DC Godfrey undertook the initial interview, with Tunn in the background. Brian had encountered this
before – this was merely a repeat of PC Sargeant and DC Saib.
Godfrey asked Brian to tell them about his encounters
on the Faceparty website. She was trawling for information.
At this stage, Brian was not aware that the Faceparty website had been liquidated, so all of his
responses were made without that knowledge.
Godfrey asked how Brian had come to engage with a
person known as ‘Shelley’. Note how that name is spelled - with an ‘e’ before the ‘y’. This small - but
important fact – would have tremendous significance for Brian in months to
come.
Brian started to recount the truth as he saw it. He explained that he
had encountered this person on Faceparty and that ‘she’ was clearly not a teenager but
an adult.
Upon hearing this, Julia Godfrey exclaimed, “But you couldn’t have known it was
an adult’, to which Brian replied, “But I did. I told my friend Geoffrey Bacon it was an adult. I knew from the very start.”
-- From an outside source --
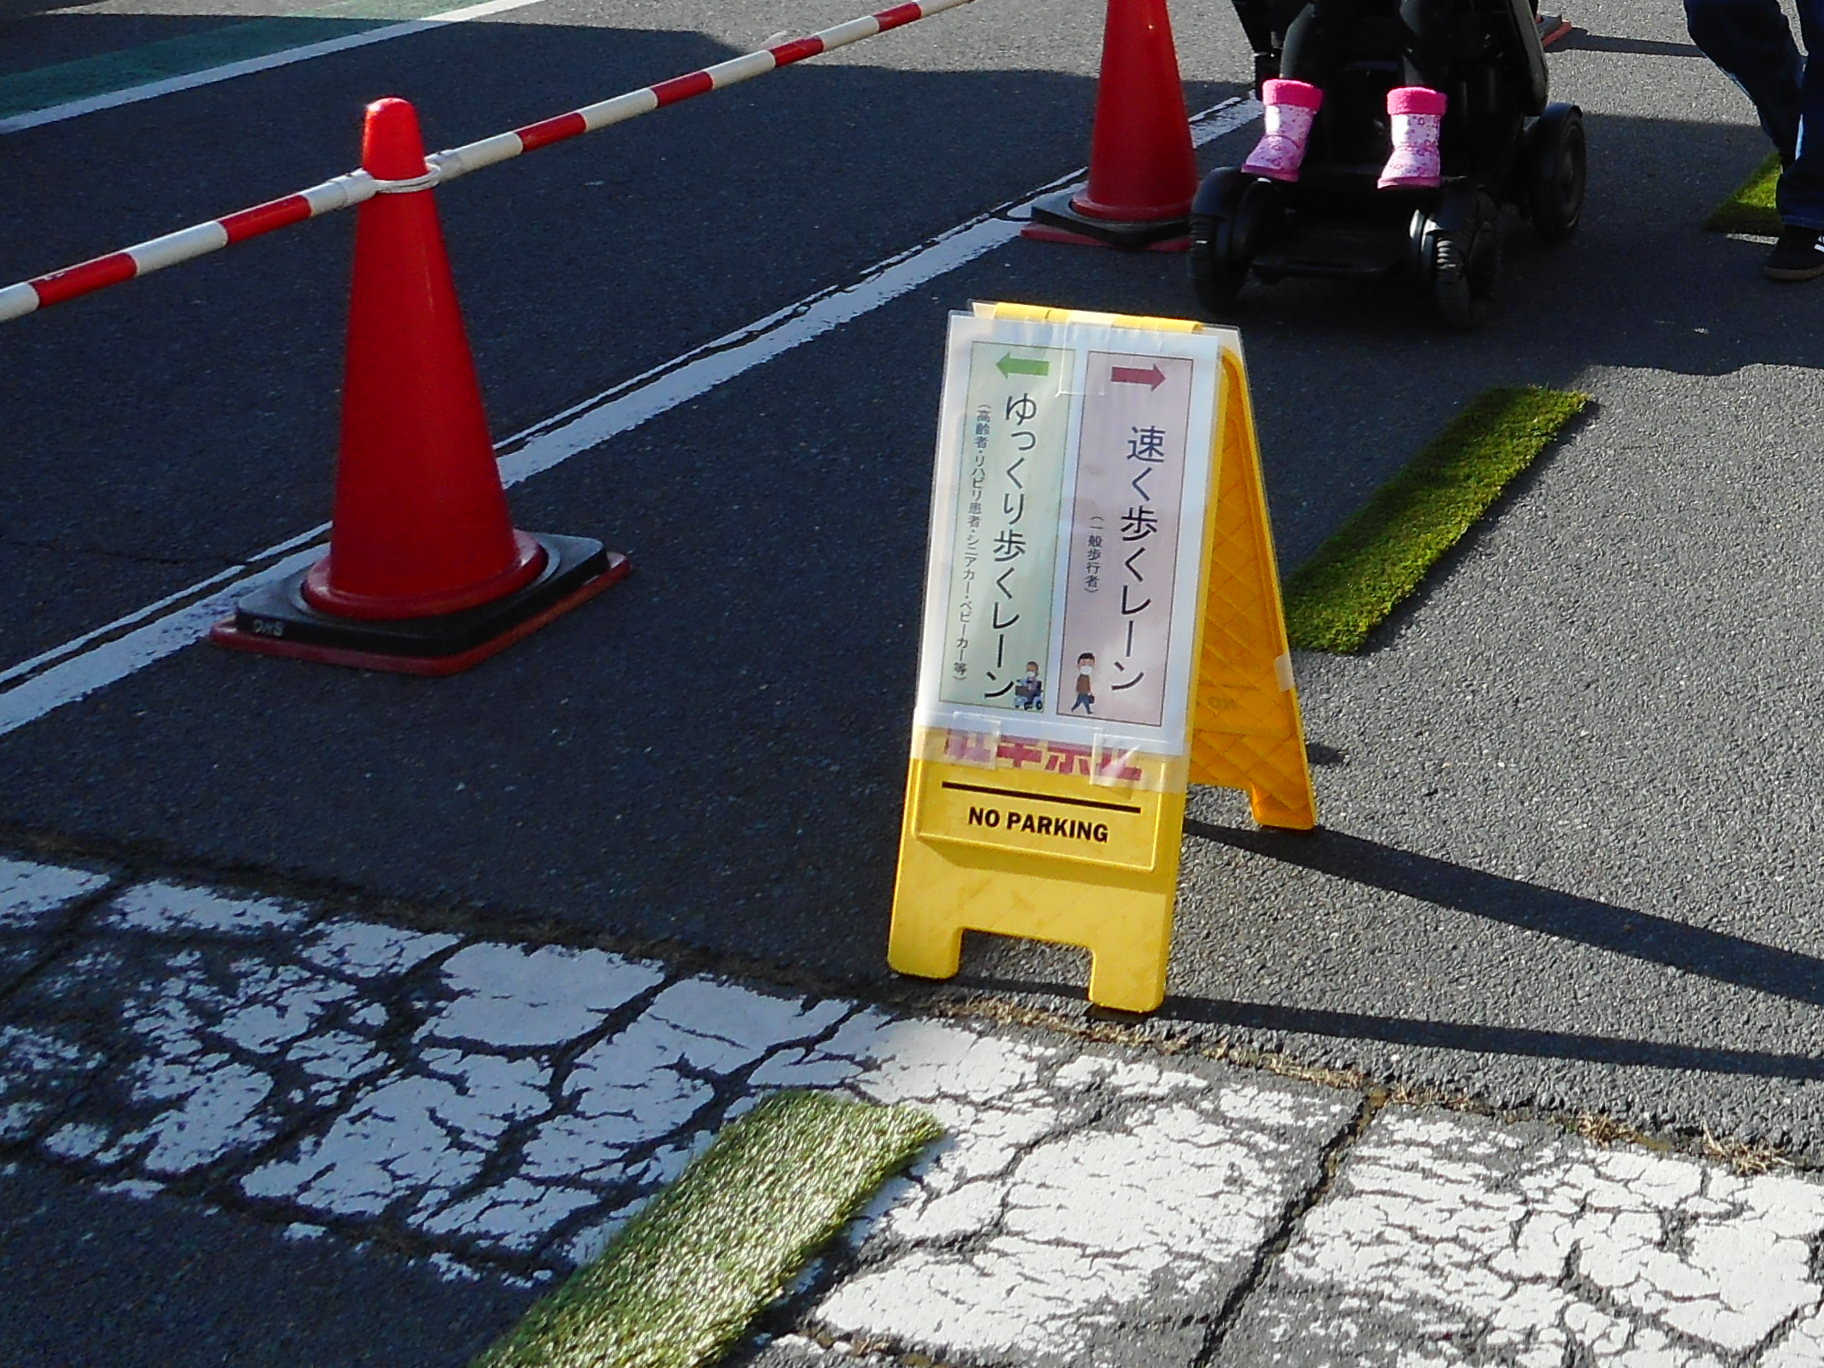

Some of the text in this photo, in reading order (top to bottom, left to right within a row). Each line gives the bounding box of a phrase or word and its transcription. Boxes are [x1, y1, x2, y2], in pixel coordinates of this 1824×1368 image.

Now, the authors believe that a detective engaging in a real
investigation would have then asked the most obvious next question: “How did
you know that it was an adult?”
But Godfrey failed to ask this most basic of questions.
The reader might like to pause and ask him/ herself why a police officer would not ask such an obvious question. The
authors believe it was because the police already knew that Brian was innocent
and that he had known that he was always chatting with an adult.
Brian challenged DS Tunn to “obtain the chatroom logs from Faceparty because they will prove that I am telling the
truth”.
Tunn replied that he was unable to obtain the logs.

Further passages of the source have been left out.